What are the five core principles of kanban?
Kanban rests on five foundational principles. Each one builds on the previous, and skipping any of them undermines the entire system. Teams that adopt kanban boards without the underlying discipline often end up with a pretty task list that provides no more value than a spreadsheet.
1. Visualize all work
Every task, bug, feature, spike, and ad-hoc request must exist as a card on the board. If a piece of work is not on the board, it does not exist as far as the team is concerned. This is the most fundamental principle and the one most teams violate first - someone picks up a "quick fix" without creating a card, and suddenly the board no longer reflects reality.
Visualization serves two purposes. First, it gives the team shared situational awareness - everyone can see what is in progress, what is blocked, and what is next. Second, it makes hidden work visible. Most teams are surprised by how much untracked work they carry: Slack requests, ad-hoc debugging sessions, impromptu architecture discussions that turn into three-day detours. Putting all of it on the board reveals your team's true workload.
2. Limit work in progress
WIP limits are the single most important kanban practice. A WIP limit caps how many cards can exist in a given column at the same time. If your "In Progress" column has a WIP limit of three and there are already three cards there, no one can start a new task until one moves forward.
This feels constraining. That is the point. Without WIP limits, developers start new tasks whenever they feel like it, and the board fills with half-finished work.
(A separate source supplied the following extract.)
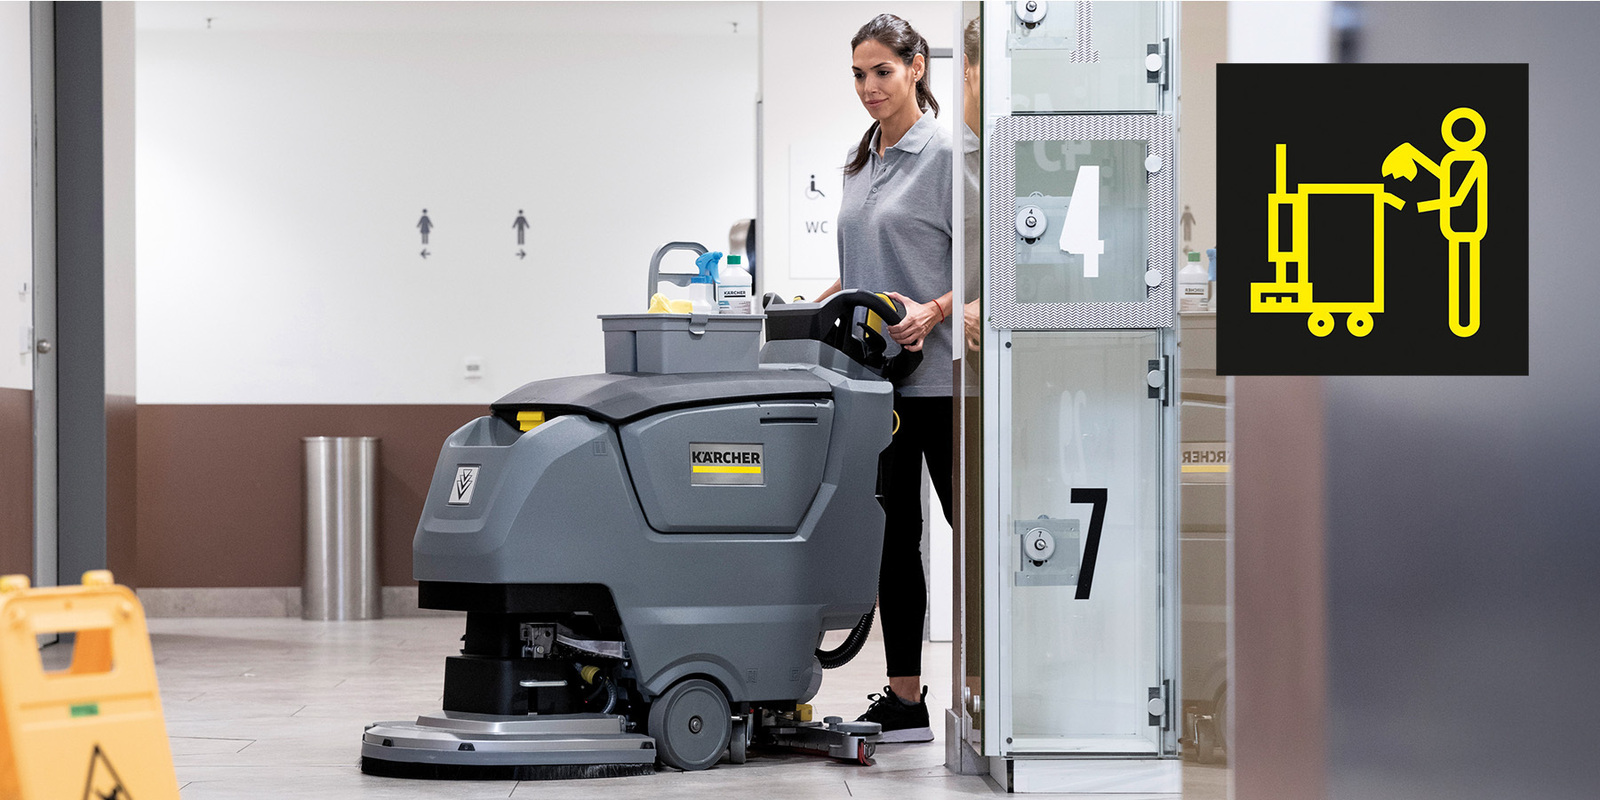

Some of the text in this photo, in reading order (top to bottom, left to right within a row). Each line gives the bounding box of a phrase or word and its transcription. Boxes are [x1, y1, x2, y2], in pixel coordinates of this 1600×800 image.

Context switching between five active tasks destroys productivity - research consistently shows that each additional concurrent task reduces effective throughput on all of them. WIP limits force completion: finish what you started before starting something new.
When all WIP slots are full, team members are forced to do the next most valuable thing: help unblock existing work. Review a PR, pair on a stuck problem, write the tests someone skipped. This is the behavior change that makes kanban effective - not the board itself, but the discipline of finishing over starting.
Start with a WIP limit equal to the number of developers on the team. After two weeks, tighten it by one. Keep tightening until you feel the constraint pushing you toward healthier behavior.
3. Manage and measure flow
Flow is the rate at which cards move from the leftmost column (Backlog or To Do) to the rightmost column (Done or Deployed). The two key metrics are cycle time (how long a single card takes from start to finish) and throughput (how many cards the team completes per unit of time).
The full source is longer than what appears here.